A

David

Darling

cerebrum

human brain, cross-section

Figure 1. Section through a human brain showing the cerebrum.


cerebral cortex

Figure 2. The cerebral cortex, as if peeled from the surface of the brain, exposes the various different kinds of nerve cells with their distinctive organization and fibers running horizontally and vertically . The blood vessels on top of the cortex are also shown.The cortex varies in thickness from 1.5 mm to 3 mm (0.059–0.12 inches); it is thickest in the motor region of the frontal lobe.

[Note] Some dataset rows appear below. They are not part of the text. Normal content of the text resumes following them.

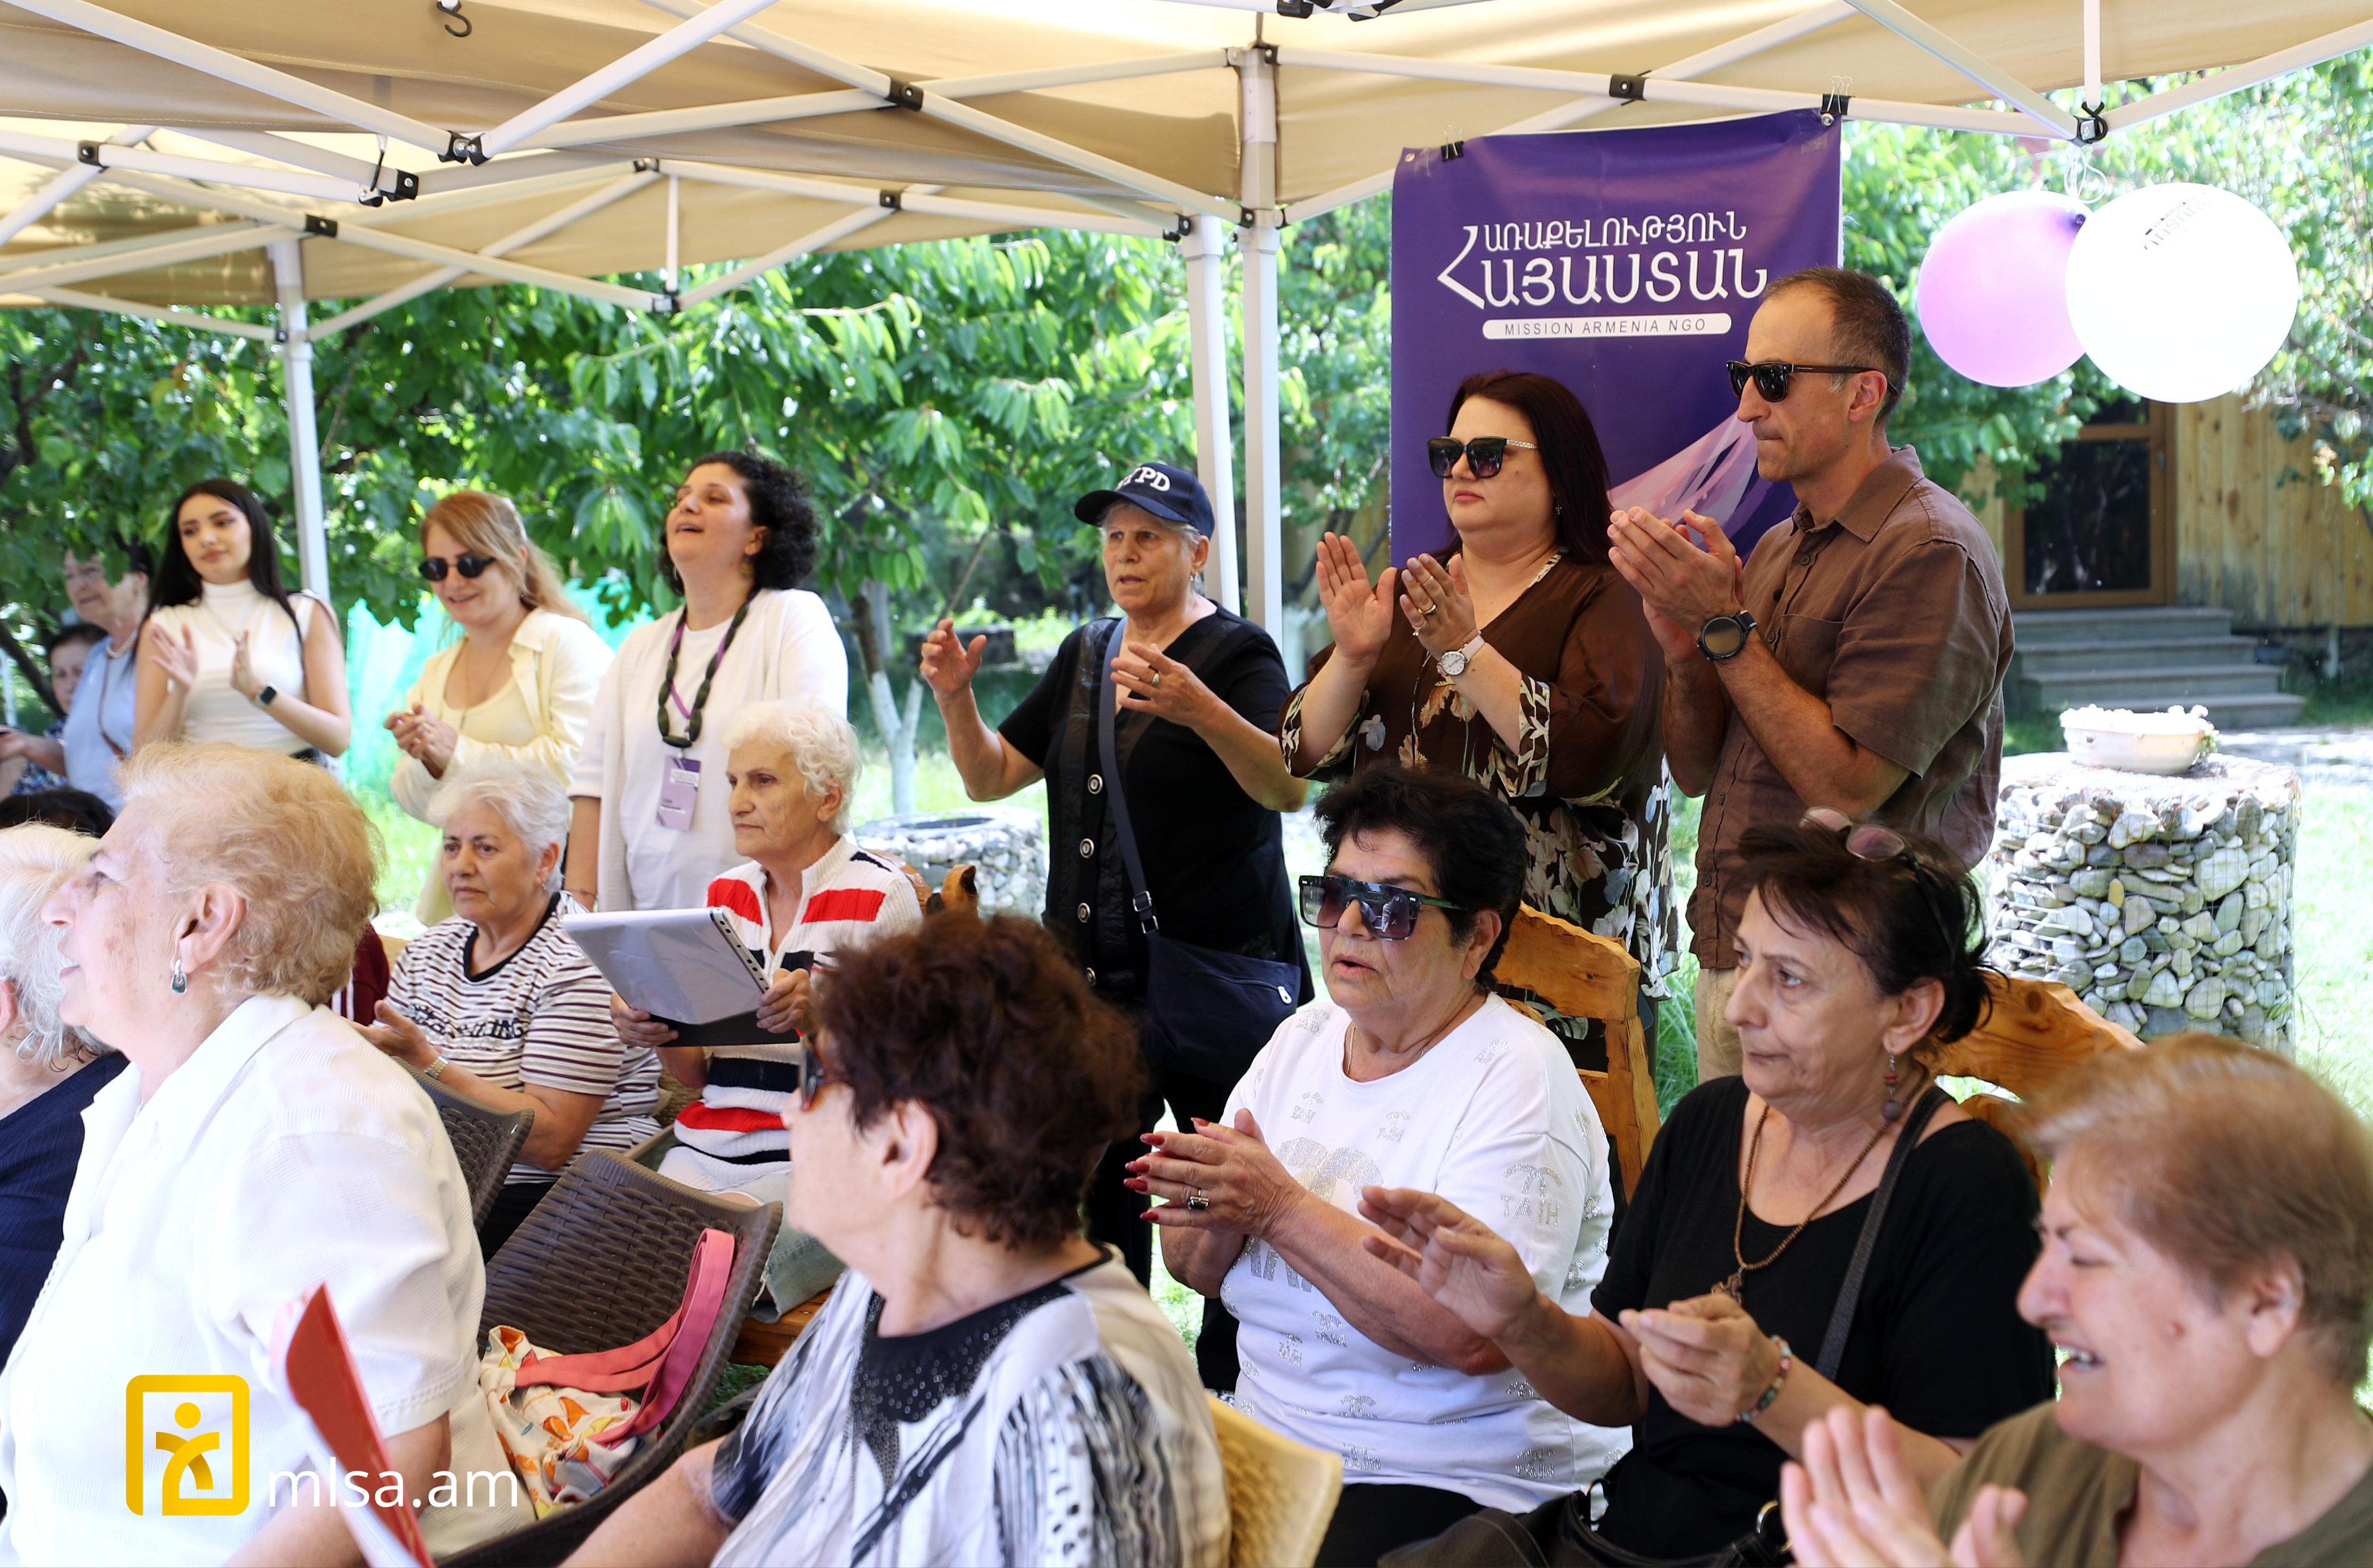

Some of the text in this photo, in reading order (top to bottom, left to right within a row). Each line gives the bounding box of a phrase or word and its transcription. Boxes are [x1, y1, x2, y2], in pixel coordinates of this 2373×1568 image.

[1437, 225, 1768, 310] ՀԱՅԱՍՏԱՆ
[1505, 319, 1706, 336] MISSION ARMENIA NGO
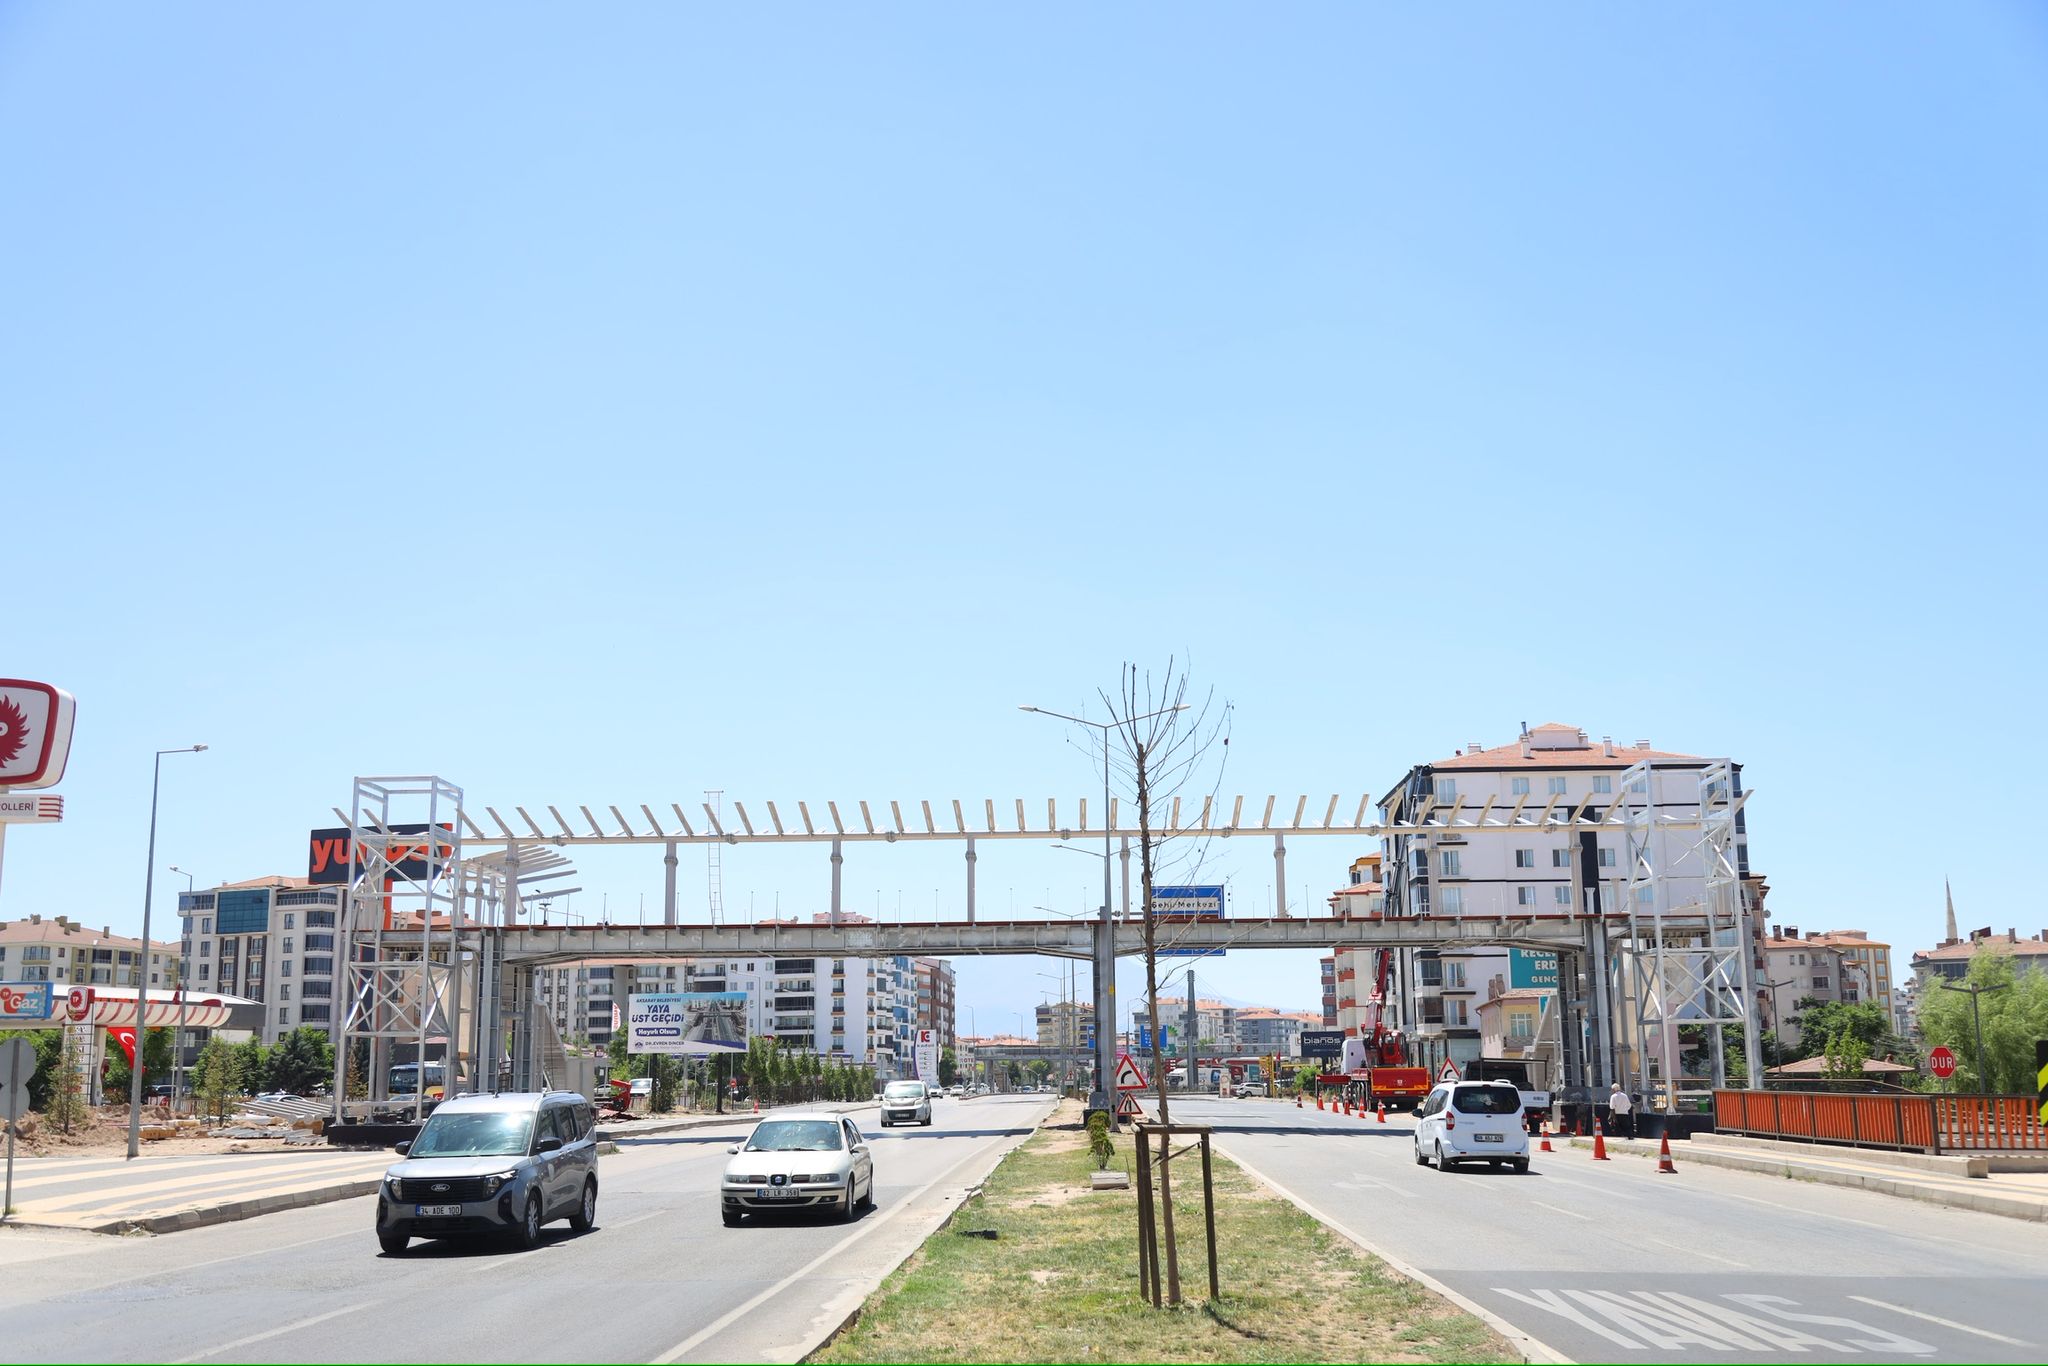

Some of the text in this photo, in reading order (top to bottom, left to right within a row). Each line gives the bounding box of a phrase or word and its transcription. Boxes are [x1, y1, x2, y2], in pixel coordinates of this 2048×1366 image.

[10, 995, 39, 1010] Gaz
[647, 1004, 670, 1014] YAYA
[651, 1014, 684, 1024] GEÇİDİ
[1931, 1056, 1953, 1069] DUR

The cerebrum is the largest portion of the human and vertebrate brain. It consists of two cerebral hemispheres, which develop from the embryonic forebrain. These hemispheres have an outer, convoluted, and deeply fissured layer of gray matter – the cerebral cortex – and an inner layer of white matter. The two halves are linked by the corpus callosum. Due to the crossing-over of nerve fibers from one cerebral hemisphere to the other, the right side controls most of the movements and sensation on the left side of the body, and vice versa.

 

Each hemisphere of the cerebrum is subdivided into four lobes visible from the outside. They are the frontal, parietal, occipital, and temporal lobes.

 

The cerebrum is the integrating center for memory, learning, emotions, and other highly complex functions of the central nervous system.